I'm actually going through a weird, backwards process of learning to be autistic. I've never known how to be me and understand myself systemically as part of a whole. I've always just put together case by case NT excuses for myself. Now that I have a complex central idea within which all of these ill explained behaviors make more since, I am seeing where things I had long since accepted despite my unease with them, were just me bridging the gap between my behavior and the NT brain without knowing it.



SpiritBlooms
Veteran
Veteran

User avatar

Joined: 14 Nov 2009
Age: 63
Gender: Female
Posts: 1,024

03 May 2012, 12:30 pm

To me pretending to be NT is like acting. Maybe it takes a certain talent. I think, and I've read, that girls usually have more motivation to be social, so many Aspie girls learn at some point how to act social, even though it's not natural for them.

That describes me pretty well, only I didn't feel as if I started to catch on until I was a young adult and was highly motivated to find a life partner. Society tells us we're supposed to have friends, and that was a motivator for me as well. I wanted to fit in somehow. I still don't feel that I've ever really had many friends, so it didn't do me that much good to pretend, but pretend I did. I also knew I had to make a living. My parents were big on independence and I suspect in denial that there was anything wrong with me, so I knew they weren't going to keep supporting me and I had to find a way to get and keep a job.

But I have to tell you, sometimes I hate the fact that I ever learned to pretend, because it was so important to me at the time that certain behaviors seem to have become embedded in my habitual way of dealing with people.
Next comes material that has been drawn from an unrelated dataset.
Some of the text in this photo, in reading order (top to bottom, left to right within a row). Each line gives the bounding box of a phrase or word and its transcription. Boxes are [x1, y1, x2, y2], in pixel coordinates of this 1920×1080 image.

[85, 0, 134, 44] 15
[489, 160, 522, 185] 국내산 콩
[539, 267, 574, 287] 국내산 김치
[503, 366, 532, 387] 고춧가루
I can't seem to turn it off when I want and need to. It's as if I have this program that runs under social circumstances, especially with strangers, and I don't know how to turn it off and be myself. It's exhausting, and it's sometimes detrimental in that it gets me the opposite of what I intended it to. I don't feel that people get to know me, even when I want them to. They know this persona, not me. I went to a therapist once, with a serious issue I was having at the time. I was quite distressed, but out came my "act normal" program with this therapist/stranger, and she wound up not believing that I had any problem at all.
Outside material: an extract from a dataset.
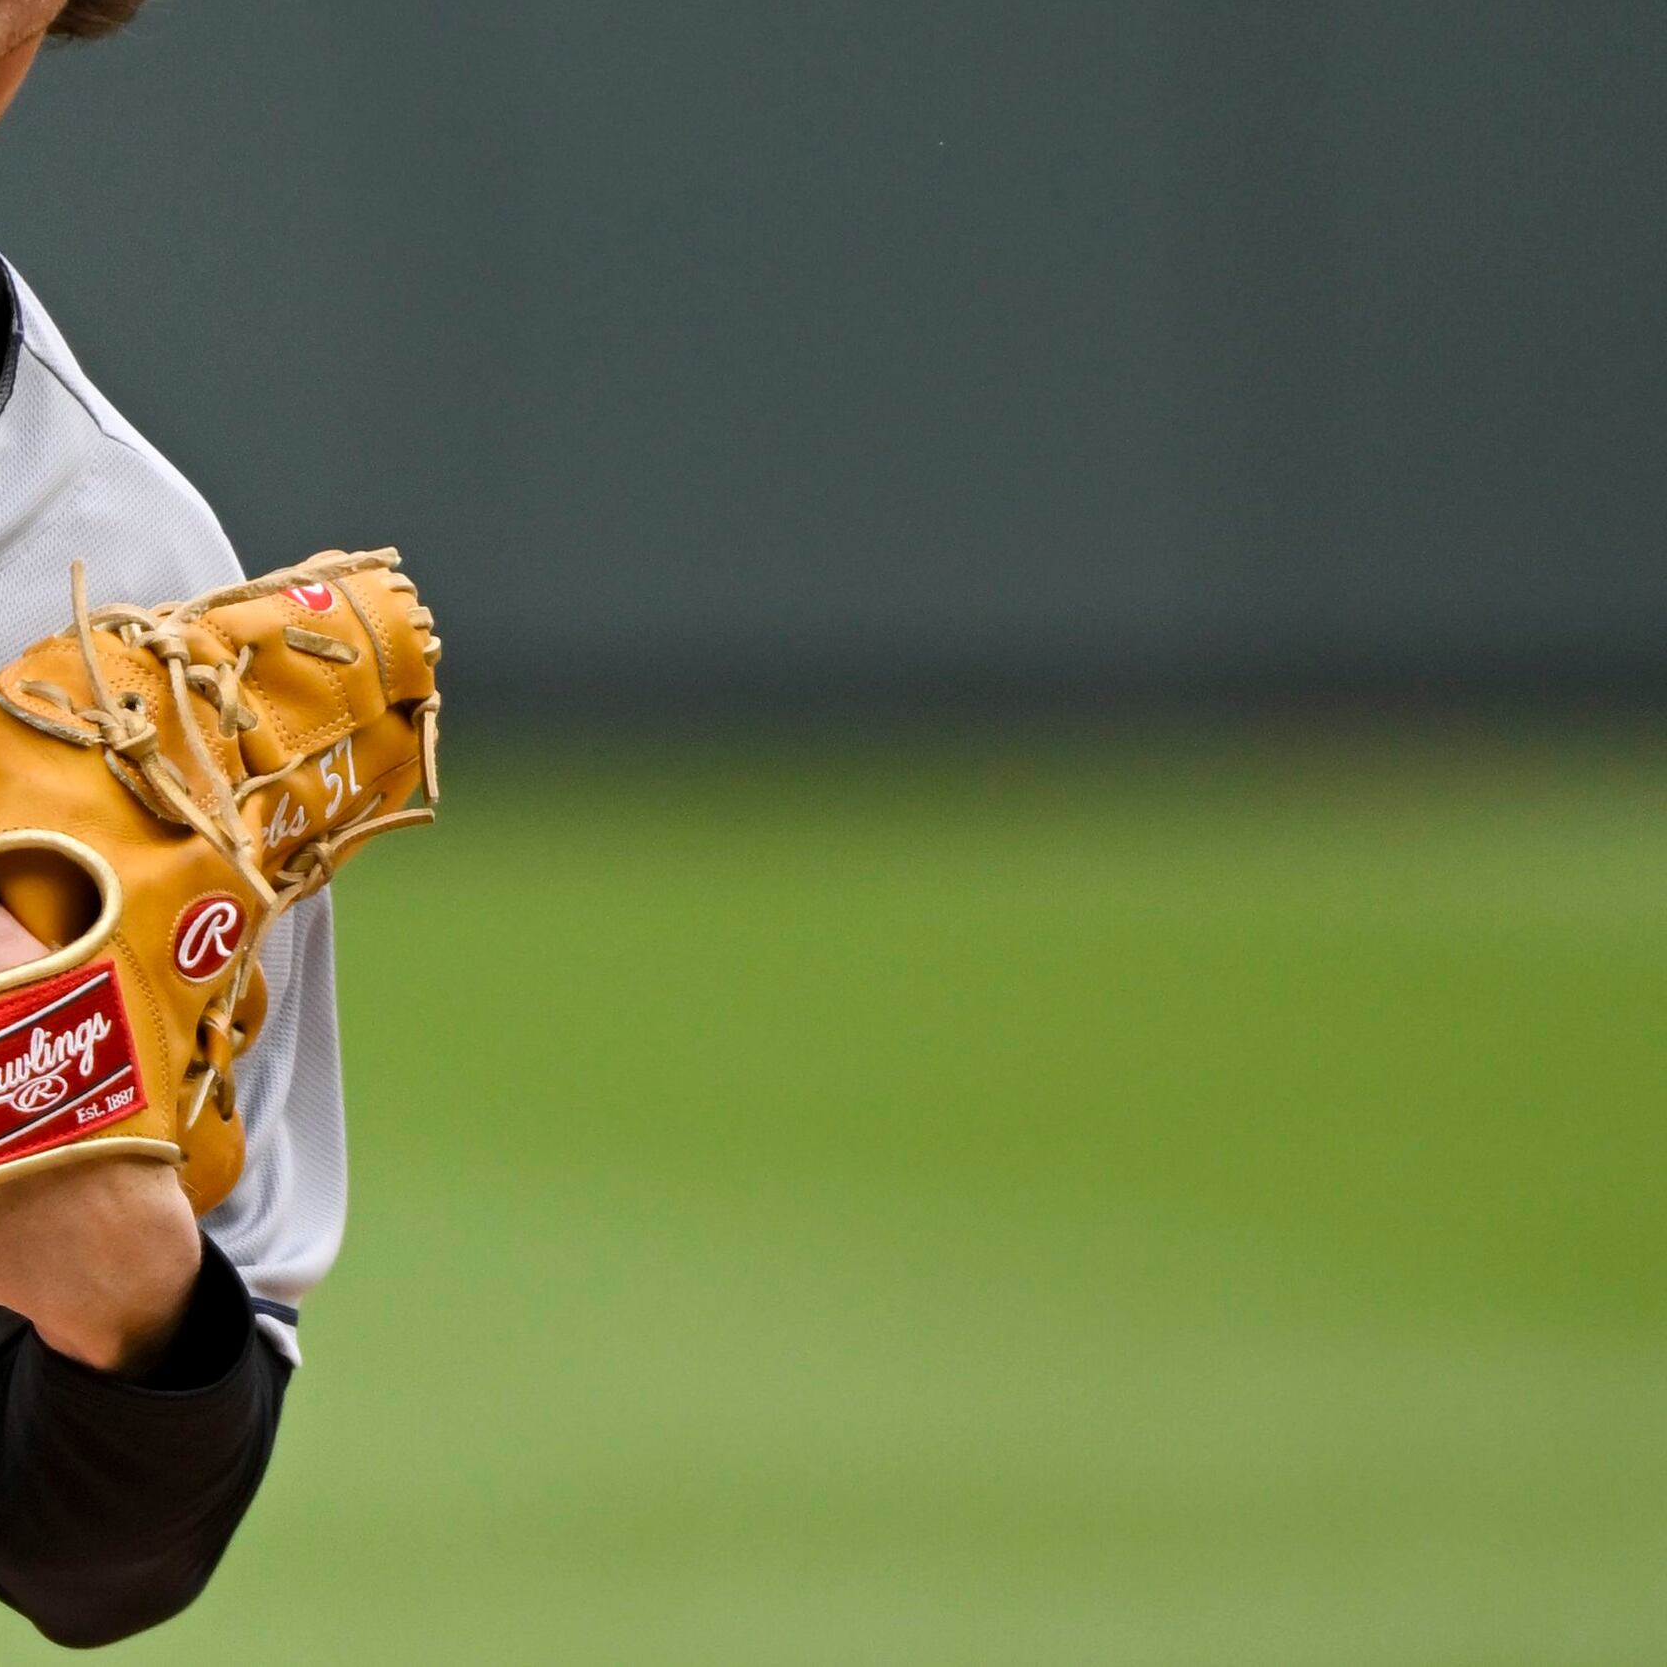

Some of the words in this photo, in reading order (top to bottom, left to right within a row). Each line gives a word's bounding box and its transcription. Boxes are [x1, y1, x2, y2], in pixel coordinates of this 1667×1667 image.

[319, 735, 363, 819] 57
[177, 901, 237, 969] R
[76, 1101, 105, 1124] Est.
[105, 1085, 136, 1113] 1887
Last edited by SpiritBlooms on 03 May 2012, 12:32 pm, edited 1 time in total.

JanuaryMan
Veteran
Veteran

User avatar

Joined: 1 Jan 2012
Age: 34
Gender: Male
Posts: 3,465

03 May 2012, 12:32 pm

Spirit, we share a similar problem. The part that tells us to act normal has a complete system override, and it makes us overheat :P



MeshugenahMama
Raven
Raven

User avatar

Joined: 28 Apr 2012
Age: 54
Gender: Female
Posts: 107

03 May 2012, 12:41 pm

You know, as I think about it, there is only one way that I act highly NT, and that is that I spend time on how I look, because I know I am judged by it. It's a manipulation, I would rather not spend the time, but that is how you are first judged by people.



CockneyRebel
Veteran
Veteran

User avatar

Joined: 17 Jul 2004
Age: 45
Gender: Male
Posts: 103,396
Location: Hanging out with my fellow Sweet Peas at Stalag 13

03 May 2012, 3:05 pm

I pretended to be NT through school and college and it felt very unnatural to me. I stopped pretending 12 years ago, because I couldn't pretend any more and I felt it was time for me to accept and celebrate my autism.


_________________
Schultz

viewtopic.php?f=11&t=26&start=645


Kurgan
Veteran
Veteran

User avatar

Joined: 6 Apr 2012
Age: 31
Gender: Male
Posts: 4,379
Location: Scandinavia

03 May 2012, 5:09 pm

I have to pretend to be a NT to live a normal life.